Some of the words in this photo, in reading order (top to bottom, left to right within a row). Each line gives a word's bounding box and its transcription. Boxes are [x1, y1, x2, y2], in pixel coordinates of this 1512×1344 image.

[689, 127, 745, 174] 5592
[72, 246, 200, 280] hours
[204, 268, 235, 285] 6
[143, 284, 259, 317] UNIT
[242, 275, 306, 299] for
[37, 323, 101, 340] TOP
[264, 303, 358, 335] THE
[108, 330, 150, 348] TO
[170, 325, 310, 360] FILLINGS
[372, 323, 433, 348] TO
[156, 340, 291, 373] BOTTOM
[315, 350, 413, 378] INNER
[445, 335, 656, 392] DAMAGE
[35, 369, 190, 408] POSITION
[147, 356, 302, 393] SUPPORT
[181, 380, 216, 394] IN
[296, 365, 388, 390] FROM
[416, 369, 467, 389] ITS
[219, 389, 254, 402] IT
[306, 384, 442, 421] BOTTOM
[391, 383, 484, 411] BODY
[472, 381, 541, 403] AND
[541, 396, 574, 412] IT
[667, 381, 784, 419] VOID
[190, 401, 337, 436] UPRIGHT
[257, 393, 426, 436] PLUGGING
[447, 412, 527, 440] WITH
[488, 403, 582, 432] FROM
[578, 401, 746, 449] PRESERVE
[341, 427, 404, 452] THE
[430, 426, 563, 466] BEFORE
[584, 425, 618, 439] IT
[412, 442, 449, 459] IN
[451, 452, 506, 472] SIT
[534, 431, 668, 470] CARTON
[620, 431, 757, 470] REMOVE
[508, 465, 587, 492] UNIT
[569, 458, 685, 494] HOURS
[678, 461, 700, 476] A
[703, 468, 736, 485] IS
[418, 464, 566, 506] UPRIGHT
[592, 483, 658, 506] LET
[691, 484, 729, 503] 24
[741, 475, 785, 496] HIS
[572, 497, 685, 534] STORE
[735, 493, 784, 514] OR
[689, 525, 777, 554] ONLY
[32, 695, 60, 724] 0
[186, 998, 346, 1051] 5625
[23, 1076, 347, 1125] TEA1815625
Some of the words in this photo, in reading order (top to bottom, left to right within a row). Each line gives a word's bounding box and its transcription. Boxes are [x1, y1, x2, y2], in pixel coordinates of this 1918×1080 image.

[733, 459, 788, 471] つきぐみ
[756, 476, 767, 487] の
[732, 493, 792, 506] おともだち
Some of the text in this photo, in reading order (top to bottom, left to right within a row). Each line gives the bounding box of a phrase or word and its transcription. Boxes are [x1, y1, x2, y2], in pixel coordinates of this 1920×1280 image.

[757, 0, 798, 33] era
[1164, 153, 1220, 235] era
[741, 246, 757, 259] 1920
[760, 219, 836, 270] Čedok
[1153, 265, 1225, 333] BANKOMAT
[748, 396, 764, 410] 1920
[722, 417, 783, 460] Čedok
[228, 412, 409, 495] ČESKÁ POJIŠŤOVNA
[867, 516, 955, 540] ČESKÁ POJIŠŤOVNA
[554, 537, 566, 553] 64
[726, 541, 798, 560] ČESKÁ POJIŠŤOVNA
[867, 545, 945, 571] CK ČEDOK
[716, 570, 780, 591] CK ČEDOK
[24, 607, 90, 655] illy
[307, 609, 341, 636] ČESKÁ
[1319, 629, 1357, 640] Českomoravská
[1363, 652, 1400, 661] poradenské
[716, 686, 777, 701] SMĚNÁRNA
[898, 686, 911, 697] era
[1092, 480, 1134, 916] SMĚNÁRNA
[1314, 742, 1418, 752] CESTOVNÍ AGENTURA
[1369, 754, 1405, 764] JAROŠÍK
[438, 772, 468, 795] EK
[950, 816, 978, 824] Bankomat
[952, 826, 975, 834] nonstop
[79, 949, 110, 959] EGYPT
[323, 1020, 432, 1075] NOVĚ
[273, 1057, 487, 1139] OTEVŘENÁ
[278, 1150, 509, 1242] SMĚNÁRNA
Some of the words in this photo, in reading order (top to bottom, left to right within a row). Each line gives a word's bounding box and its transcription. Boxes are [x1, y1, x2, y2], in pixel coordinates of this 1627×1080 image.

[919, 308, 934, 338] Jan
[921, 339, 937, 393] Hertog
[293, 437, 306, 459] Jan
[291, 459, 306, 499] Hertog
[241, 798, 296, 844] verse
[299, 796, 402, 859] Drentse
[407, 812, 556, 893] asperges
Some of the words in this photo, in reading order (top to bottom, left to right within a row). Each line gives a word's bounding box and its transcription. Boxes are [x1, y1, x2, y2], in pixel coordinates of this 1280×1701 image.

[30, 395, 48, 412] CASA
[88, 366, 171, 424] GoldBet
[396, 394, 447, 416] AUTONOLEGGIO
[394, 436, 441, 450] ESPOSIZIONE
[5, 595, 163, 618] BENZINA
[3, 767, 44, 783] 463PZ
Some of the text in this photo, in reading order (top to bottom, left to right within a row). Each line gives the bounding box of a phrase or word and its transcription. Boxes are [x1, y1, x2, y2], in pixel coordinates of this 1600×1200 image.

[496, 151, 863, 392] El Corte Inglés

▬▬▬

EXERCISE BRIEF: Repeat the data in full. Nothing may be dropped or altered.

PROBLEM SOLUTION:
Some of the words in this photo, in reading order (top to bottom, left to right within a row). Each line gives a word's bounding box and its transcription. Boxes are [x1, y1, x2, y2], in pixel coordinates of this 1512×1344 image.

[689, 127, 745, 174] 5592
[72, 246, 200, 280] hours
[204, 268, 235, 285] 6
[143, 284, 259, 317] UNIT
[242, 275, 306, 299] for
[37, 323, 101, 340] TOP
[264, 303, 358, 335] THE
[108, 330, 150, 348] TO
[170, 325, 310, 360] FILLINGS
[372, 323, 433, 348] TO
[156, 340, 291, 373] BOTTOM
[315, 350, 413, 378] INNER
[445, 335, 656, 392] DAMAGE
[35, 369, 190, 408] POSITION
[147, 356, 302, 393] SUPPORT
[181, 380, 216, 394] IN
[296, 365, 388, 390] FROM
[416, 369, 467, 389] ITS
[219, 389, 254, 402] IT
[306, 384, 442, 421] BOTTOM
[391, 383, 484, 411] BODY
[472, 381, 541, 403] AND
[541, 396, 574, 412] IT
[667, 381, 784, 419] VOID
[190, 401, 337, 436] UPRIGHT
[257, 393, 426, 436] PLUGGING
[447, 412, 527, 440] WITH
[488, 403, 582, 432] FROM
[578, 401, 746, 449] PRESERVE
[341, 427, 404, 452] THE
[430, 426, 563, 466] BEFORE
[584, 425, 618, 439] IT
[412, 442, 449, 459] IN
[451, 452, 506, 472] SIT
[534, 431, 668, 470] CARTON
[620, 431, 757, 470] REMOVE
[508, 465, 587, 492] UNIT
[569, 458, 685, 494] HOURS
[678, 461, 700, 476] A
[703, 468, 736, 485] IS
[418, 464, 566, 506] UPRIGHT
[592, 483, 658, 506] LET
[691, 484, 729, 503] 24
[741, 475, 785, 496] HIS
[572, 497, 685, 534] STORE
[735, 493, 784, 514] OR
[689, 525, 777, 554] ONLY
[32, 695, 60, 724] 0
[186, 998, 346, 1051] 5625
[23, 1076, 347, 1125] TEA1815625
Some of the words in this photo, in reading order (top to bottom, left to right within a row). Each line gives a word's bounding box and its transcription. Boxes are [x1, y1, x2, y2], in pixel coordinates of this 1918×1080 image.

[733, 459, 788, 471] つきぐみ
[756, 476, 767, 487] の
[732, 493, 792, 506] おともだち
Some of the text in this photo, in reading order (top to bottom, left to right within a row). Each line gives the bounding box of a phrase or word and its transcription. Boxes are [x1, y1, x2, y2], in pixel coordinates of this 1920×1280 image.

[757, 0, 798, 33] era
[1164, 153, 1220, 235] era
[741, 246, 757, 259] 1920
[760, 219, 836, 270] Čedok
[1153, 265, 1225, 333] BANKOMAT
[748, 396, 764, 410] 1920
[722, 417, 783, 460] Čedok
[228, 412, 409, 495] ČESKÁ POJIŠŤOVNA
[867, 516, 955, 540] ČESKÁ POJIŠŤOVNA
[554, 537, 566, 553] 64
[726, 541, 798, 560] ČESKÁ POJIŠŤOVNA
[867, 545, 945, 571] CK ČEDOK
[716, 570, 780, 591] CK ČEDOK
[24, 607, 90, 655] illy
[307, 609, 341, 636] ČESKÁ
[1319, 629, 1357, 640] Českomoravská
[1363, 652, 1400, 661] poradenské
[716, 686, 777, 701] SMĚNÁRNA
[898, 686, 911, 697] era
[1092, 480, 1134, 916] SMĚNÁRNA
[1314, 742, 1418, 752] CESTOVNÍ AGENTURA
[1369, 754, 1405, 764] JAROŠÍK
[438, 772, 468, 795] EK
[950, 816, 978, 824] Bankomat
[952, 826, 975, 834] nonstop
[79, 949, 110, 959] EGYPT
[323, 1020, 432, 1075] NOVĚ
[273, 1057, 487, 1139] OTEVŘENÁ
[278, 1150, 509, 1242] SMĚNÁRNA
Some of the words in this photo, in reading order (top to bottom, left to right within a row). Each line gives a word's bounding box and its transcription. Boxes are [x1, y1, x2, y2], in pixel coordinates of this 1627×1080 image.

[919, 308, 934, 338] Jan
[921, 339, 937, 393] Hertog
[293, 437, 306, 459] Jan
[291, 459, 306, 499] Hertog
[241, 798, 296, 844] verse
[299, 796, 402, 859] Drentse
[407, 812, 556, 893] asperges
Some of the words in this photo, in reading order (top to bottom, left to right within a row). Each line gives a word's bounding box and its transcription. Boxes are [x1, y1, x2, y2], in pixel coordinates of this 1280×1701 image.

[30, 395, 48, 412] CASA
[88, 366, 171, 424] GoldBet
[396, 394, 447, 416] AUTONOLEGGIO
[394, 436, 441, 450] ESPOSIZIONE
[5, 595, 163, 618] BENZINA
[3, 767, 44, 783] 463PZ
Some of the text in this photo, in reading order (top to bottom, left to right within a row). Each line gives the bounding box of a phrase or word and its transcription. Boxes are [x1, y1, x2, y2], in pixel coordinates of this 1600×1200 image.

[496, 151, 863, 392] El Corte Inglés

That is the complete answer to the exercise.